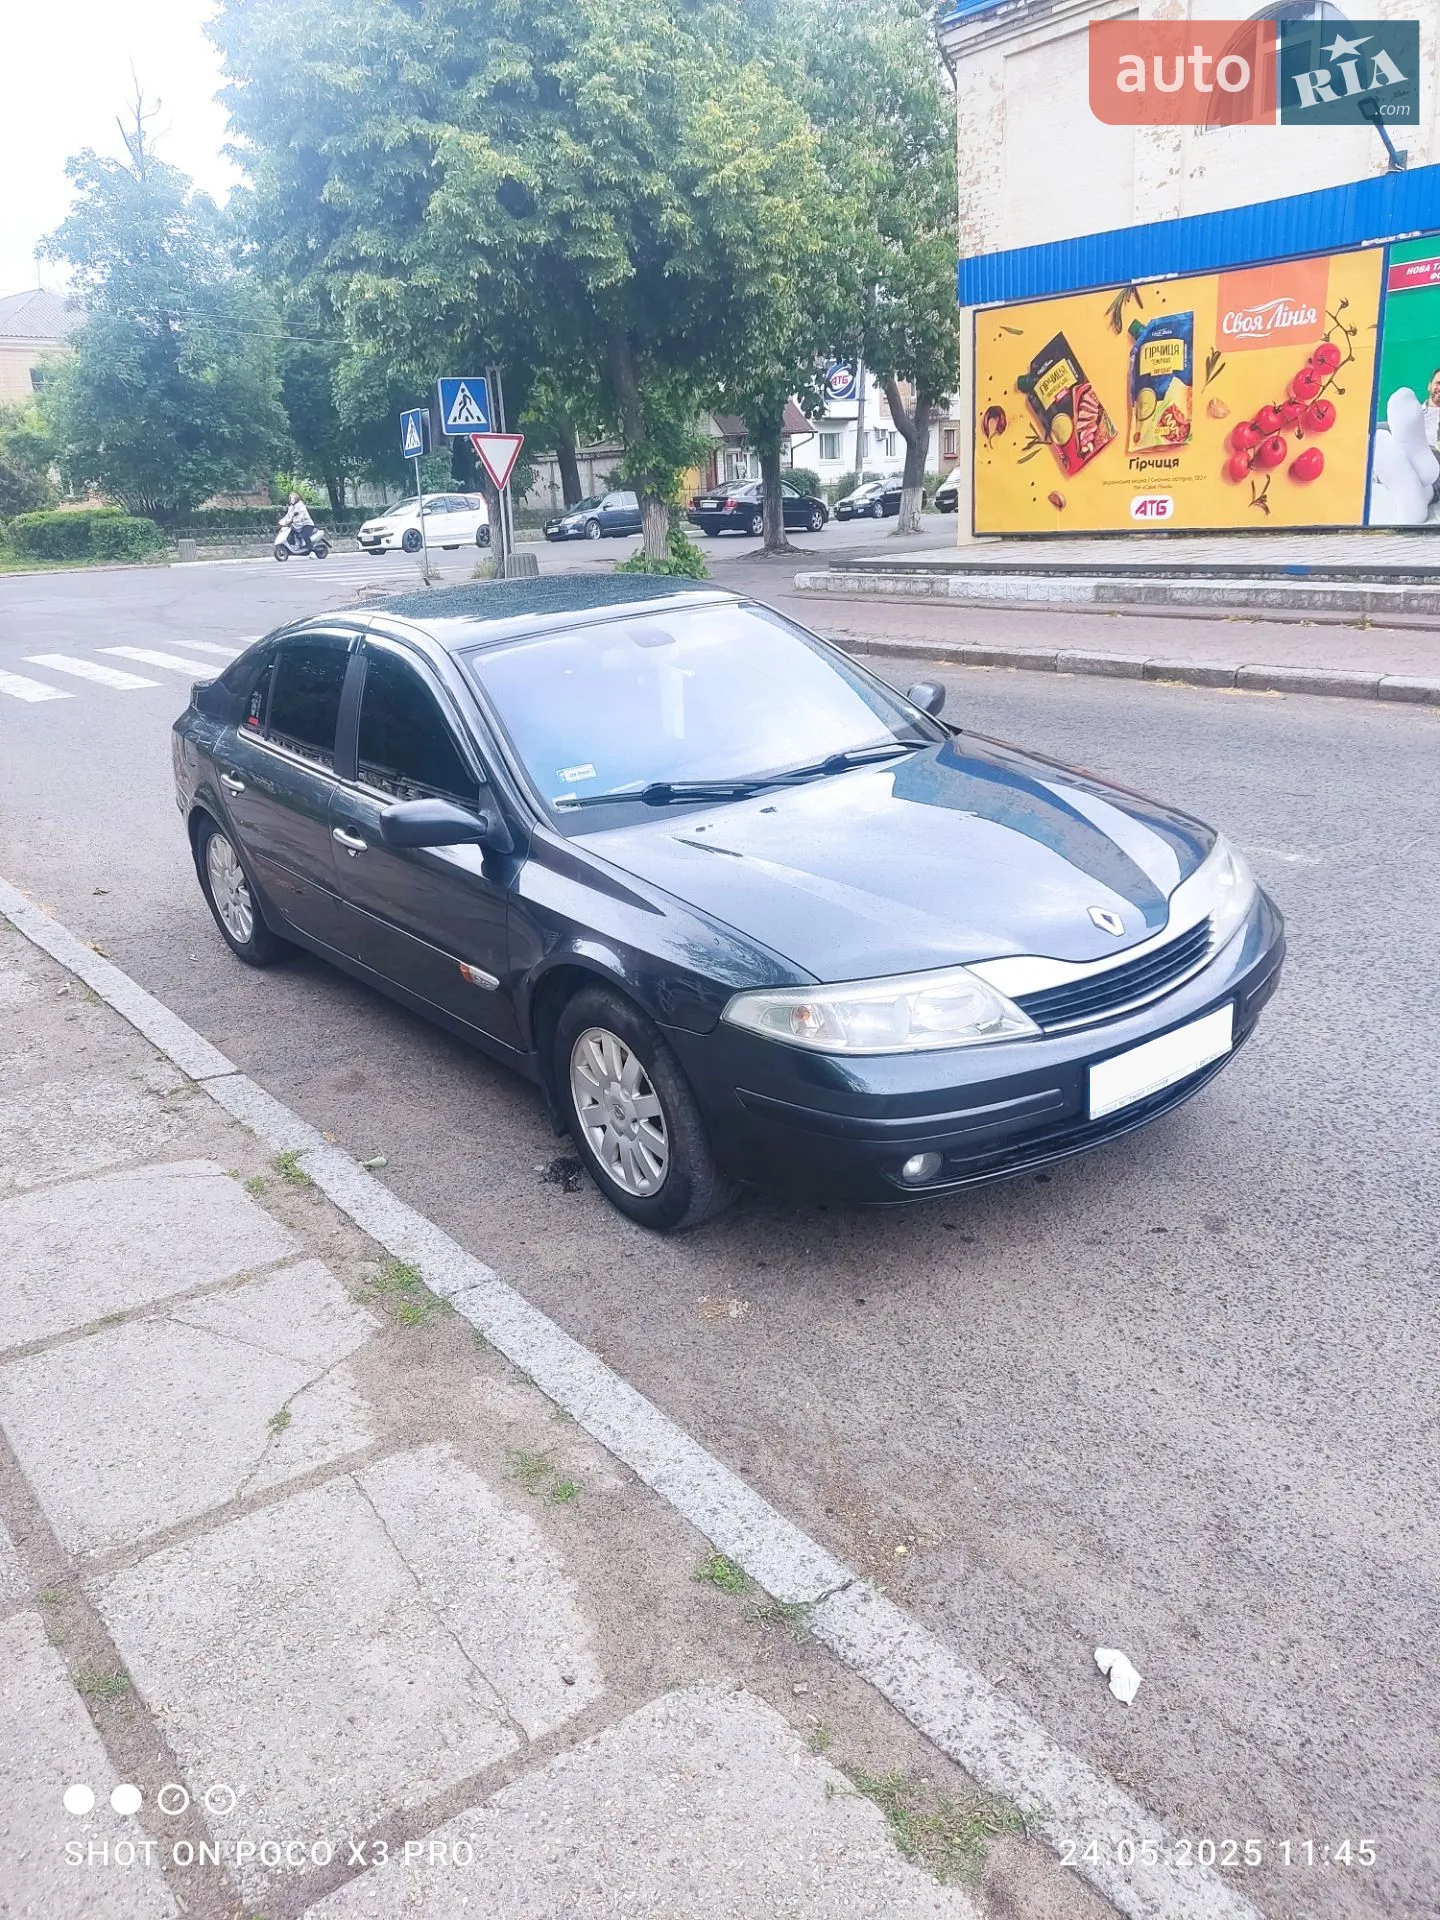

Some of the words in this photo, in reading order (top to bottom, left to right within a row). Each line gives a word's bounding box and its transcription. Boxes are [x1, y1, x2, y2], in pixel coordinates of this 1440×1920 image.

[1406, 264, 1431, 275] НОВА
[1222, 311, 1264, 335] Своя
[1266, 303, 1318, 330] Лінія
[1144, 344, 1180, 360] ГІРЧИЦЯ
[1128, 457, 1180, 471] Гірчиця
[1135, 500, 1169, 516] АТБ

§ **PROMPT**: Leaving the pictures aside, write out the entries above exactly.

§ **RESULT BELOW**:
Some of the words in this photo, in reading order (top to bottom, left to right within a row). Each line gives a word's bounding box and its transcription. Boxes are [x1, y1, x2, y2], in pixel coordinates of this 1440×1920 image.

[1406, 264, 1431, 275] НОВА
[1222, 311, 1264, 335] Своя
[1266, 303, 1318, 330] Лінія
[1144, 344, 1180, 360] ГІРЧИЦЯ
[1128, 457, 1180, 471] Гірчиця
[1135, 500, 1169, 516] АТБ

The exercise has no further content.